## TASK ITEM
Leaving every image behind, reproduce the records word for word.

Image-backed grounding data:

--*--

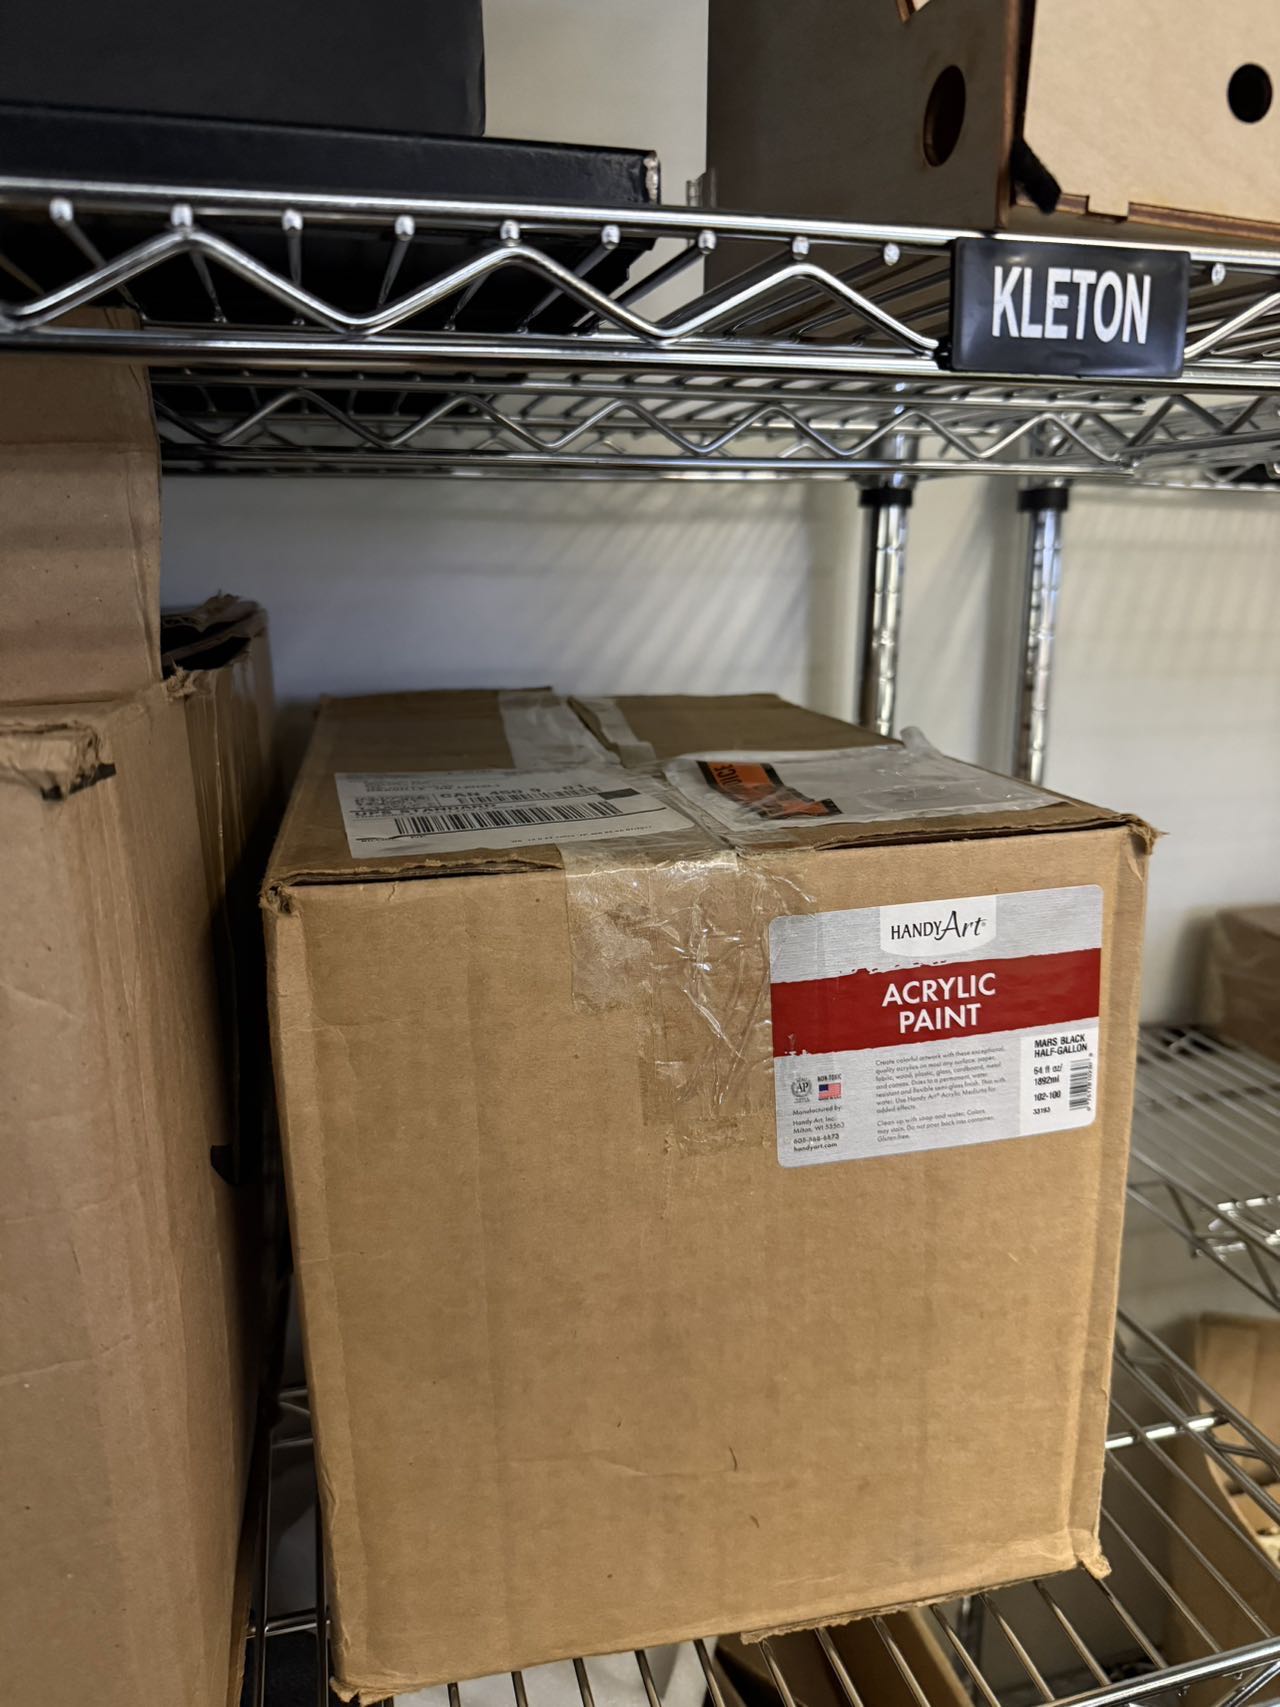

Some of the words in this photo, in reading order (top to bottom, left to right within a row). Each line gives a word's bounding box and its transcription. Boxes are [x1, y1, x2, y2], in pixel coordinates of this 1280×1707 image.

[992, 265, 1152, 345] KLETON
[881, 972, 997, 1007] ACRYLIC
[899, 1003, 983, 1034] PAINT
[1034, 1037, 1058, 1048] MARS
[1060, 1033, 1086, 1045] BLACK
[1034, 1043, 1088, 1058] HALF-GALLON
[896, 1055, 919, 1064] colorful
[875, 1066, 895, 1075] quality
[792, 1104, 834, 1116] Manufactured
[876, 1105, 896, 1113] added
[792, 1117, 813, 1127] Handy
[877, 1119, 895, 1127] Clean
[793, 1142, 838, 1152] handyart.com
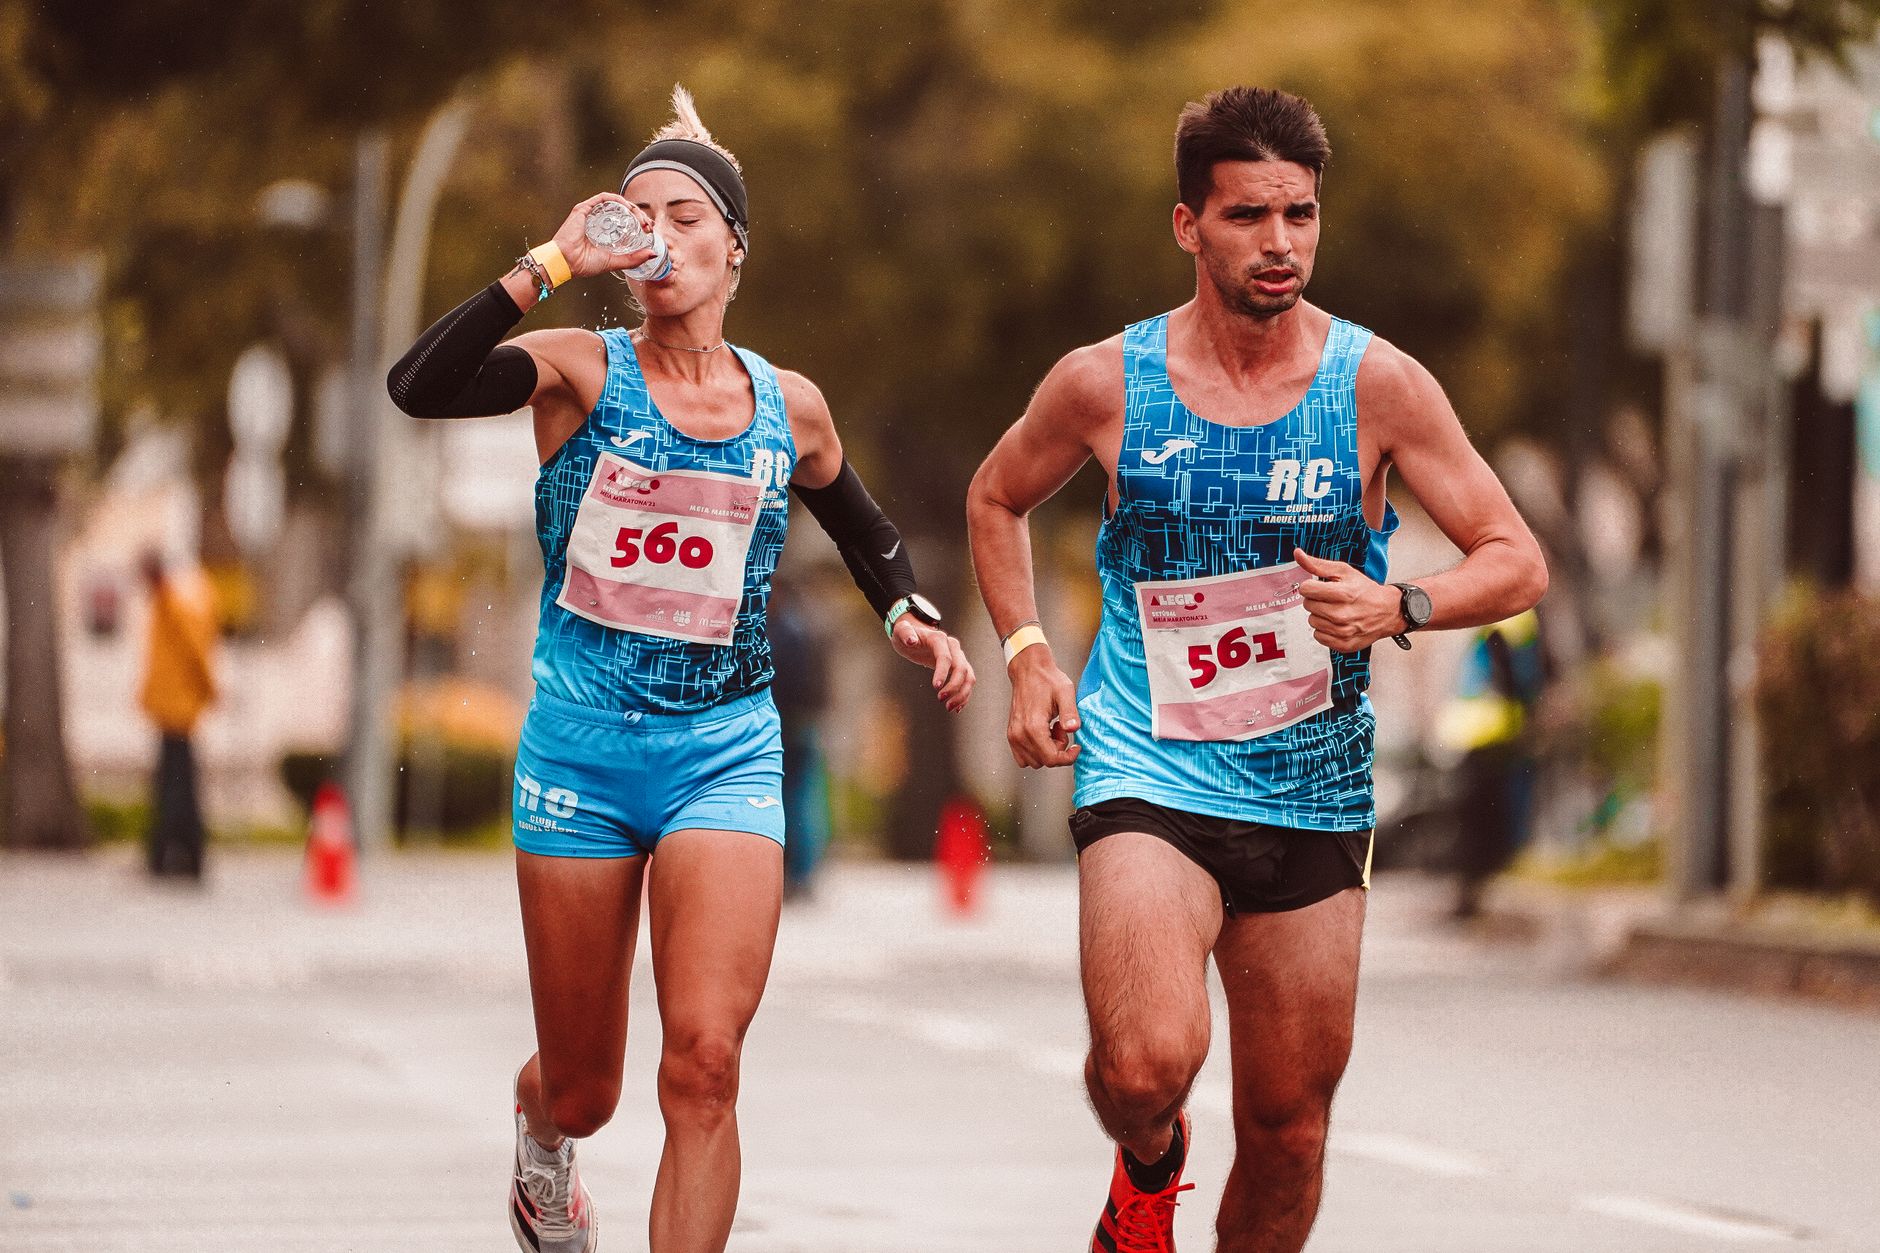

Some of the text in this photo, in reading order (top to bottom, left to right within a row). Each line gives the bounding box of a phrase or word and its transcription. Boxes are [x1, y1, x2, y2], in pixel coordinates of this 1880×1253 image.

--*--

## WRITTEN ANSWER
Some of the words in this photo, in reading order (top to bottom, left to right within a row). Each line gives a word's bounding box and its transcription. Boxes are [x1, y1, x2, y2], in pixel coordinates of this 1280×1707 image.

[992, 265, 1152, 345] KLETON
[881, 972, 997, 1007] ACRYLIC
[899, 1003, 983, 1034] PAINT
[1034, 1037, 1058, 1048] MARS
[1060, 1033, 1086, 1045] BLACK
[1034, 1043, 1088, 1058] HALF-GALLON
[896, 1055, 919, 1064] colorful
[875, 1066, 895, 1075] quality
[792, 1104, 834, 1116] Manufactured
[876, 1105, 896, 1113] added
[792, 1117, 813, 1127] Handy
[877, 1119, 895, 1127] Clean
[793, 1142, 838, 1152] handyart.com

Some of the text in this photo, in reading order (top to bottom, left to right within a row). Each line gives the bounding box of a phrase or word and its transcription. Boxes are [x1, y1, x2, y2], in pixel coordinates of this 1880×1253 image.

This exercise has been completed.